František Drtikol (3 March 1883 – 13 January 1961) was a Czech photographer known for his nudes and portraits.

== Life and work ==
Drtikol was born in Příbram into a merchant family, the younger of three children, brother of sisters, Ema and Maria. He was married twice: in 1921-1926 to Ervín Kupferova, with whom he had a daughter, and then in 1942-1959 (until her death) to Jarmila Rambouskova.

As a young man he wanted to be a painter, but his father directed him to train for a less precarious career as a photographer.
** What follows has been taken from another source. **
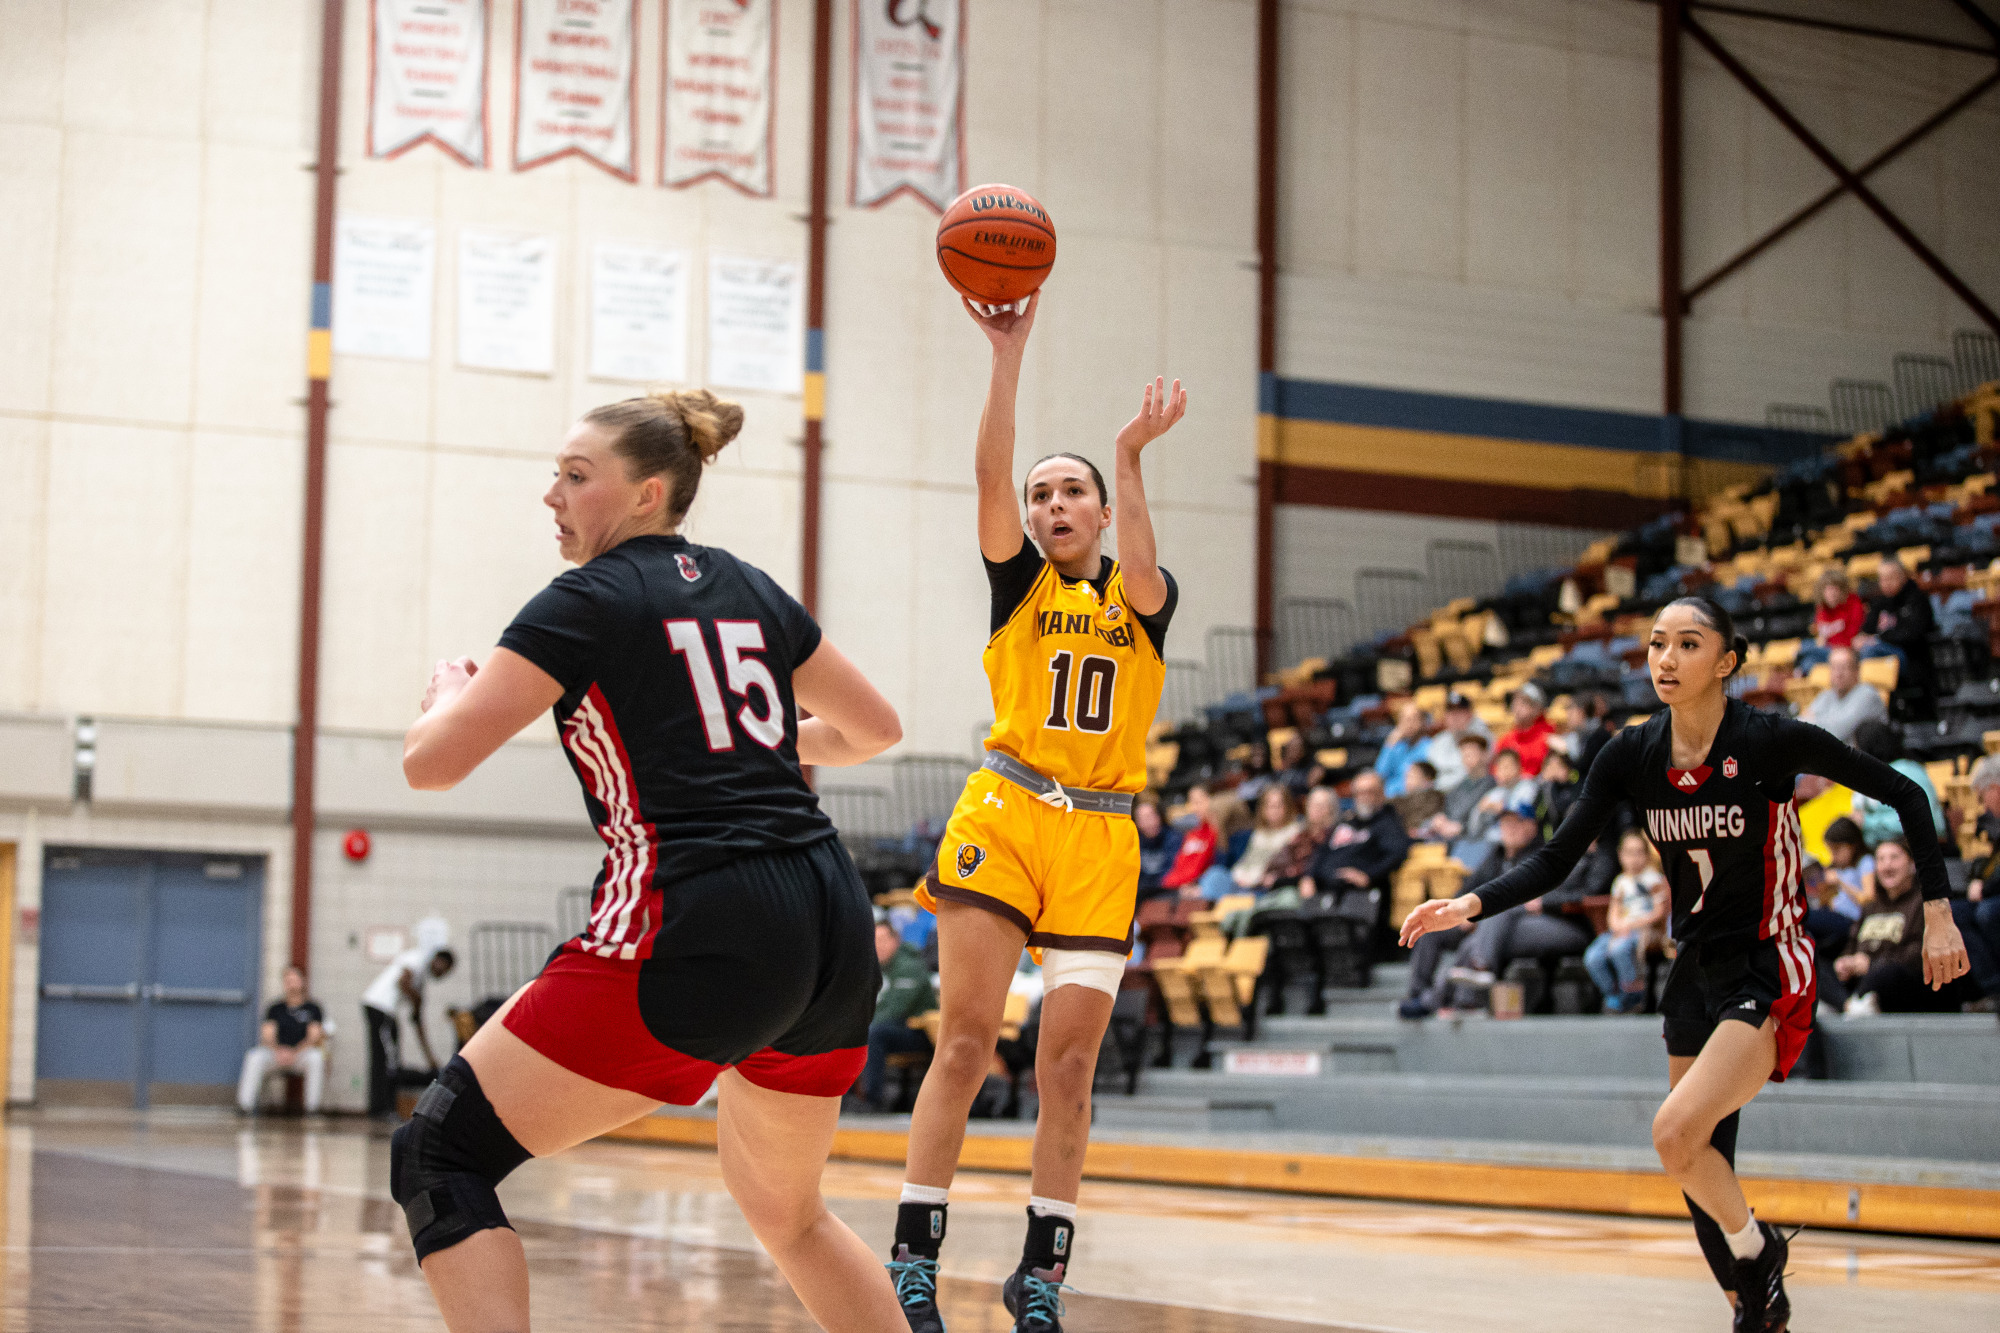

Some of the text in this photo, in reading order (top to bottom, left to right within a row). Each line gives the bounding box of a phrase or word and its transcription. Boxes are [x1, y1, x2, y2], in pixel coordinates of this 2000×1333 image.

[969, 194, 1046, 223] Wilson
[662, 618, 785, 753] 15
[1043, 649, 1118, 735] 10
[1646, 805, 1745, 842] WINNIPEG
In 1901, aged 18 and after an apprenticeship, he enrolled in the Teaching and Research Institute of Photography in Munich, a city which was major centre of Symbolism and Art Nouveau and which was influential on his career. From 1907 to 1910 he had his own studio in Příbram, but had little success. In 1910 he relocated to Prague, where he established a portrait studio on the fourth floor of a Baroque corner house at 9 Vodičkova, now demolished. In Prague he made many portraits of notable cultural figures.

In the 1920s and 1930s, Drtikol received significant awards at international photo salons. He was a contributor to the illustrated weekly Pestrý týden. Jaroslav Rössler, an important avant-garde photographer, was one of his pupils.
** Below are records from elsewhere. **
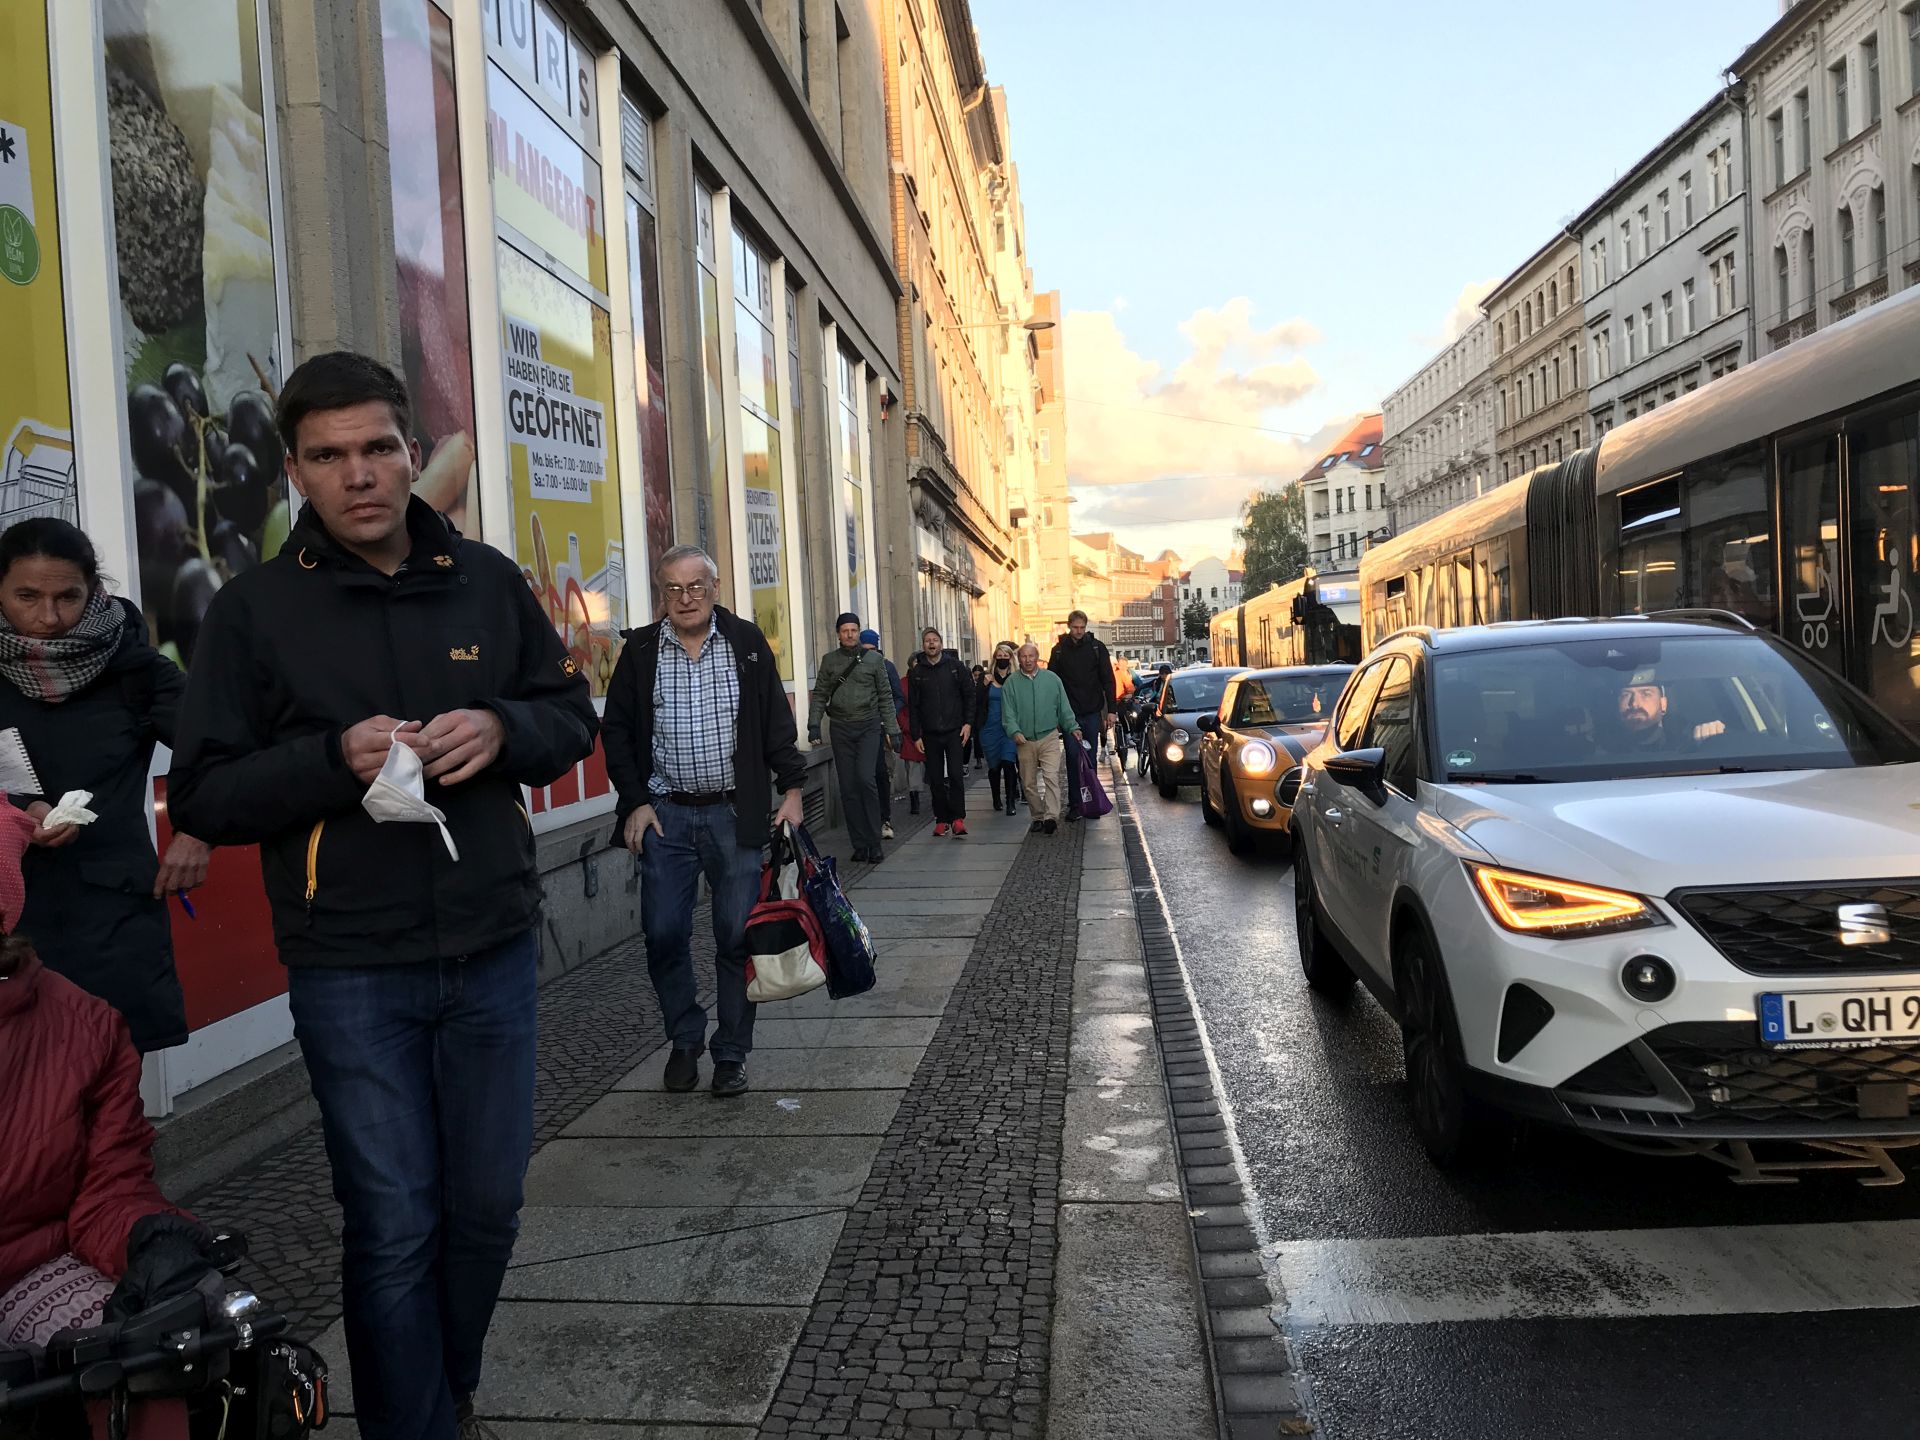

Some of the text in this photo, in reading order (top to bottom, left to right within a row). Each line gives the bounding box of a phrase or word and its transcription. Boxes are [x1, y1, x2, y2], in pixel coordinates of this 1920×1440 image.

[514, 131, 596, 247] ANGEBOT
[509, 323, 539, 361] WIR
[507, 356, 571, 393] HABEN FÜR SIE
[508, 386, 602, 449] GEÖFFNET
[532, 451, 545, 467] Mo.
[544, 453, 554, 469] bis
[563, 456, 576, 471] 7.00
[579, 459, 594, 474] 20.00
[594, 461, 603, 476] Uhr
[545, 473, 558, 489] 7.00
[562, 476, 578, 491] 16.00
[577, 478, 588, 492] Uhr
[1789, 1000, 1814, 1034] L
[1842, 997, 1893, 1032] QH
Drtikol's portraits and nudes show development from pictorialism and symbolism to modern compositions in which the nude body is juxtaposed with large geometric structures and thrown shadows. These are reminiscent of Cubism, and at the same time his nudes suggest the kind of movement that was characteristic of the Futurist aesthetic.

He began using plywood figures in a period he called "photopurism". The resulting images resembled silhouettes of the human form. In the final stage of his photographic work Drtikol created compositions of little carved figures, with elongated shapes, symbolically expressing various themes from Buddhism. In 1935 he gave up photography and concentrated on painting, Buddhist religious and philosophical systems.

Drtikol died in Prague on 13 January 1961. A collection of some 20,000 of his prints is in the Museum of Decorative Arts in Prague.

== Publications ==
- Z dvorků a dvorečků staré Prahy (From the Courtyards and Yards of Old Prague; 1911);
- Le nus de Drtikol (1929);
- Žena ve světle (Woman in the Light; Prague, 1938).

== Bibliography ==
- Fárová, Anna (1986). "František Drtikol: Photograph des Art Deco"
- Birgus, Vladimír (1997). "František Drtikol: Modernist Nudes"
- Birgus, Vladimír (2001). "Akt in Czech Photography"
- Bertolotti, Alessandro (2007). "Books of Nudes"
- Doleža, Stanislav (1998). "František Drtikol: fotograf, malíř, mystik"
- Funk, Karel (2001). "Mystik a učitel František Drtikol: Pokyny pro duchovní cestu"
- Mlčoch, Jan (1999). "František Drtikol: Fotografie 1901–1914"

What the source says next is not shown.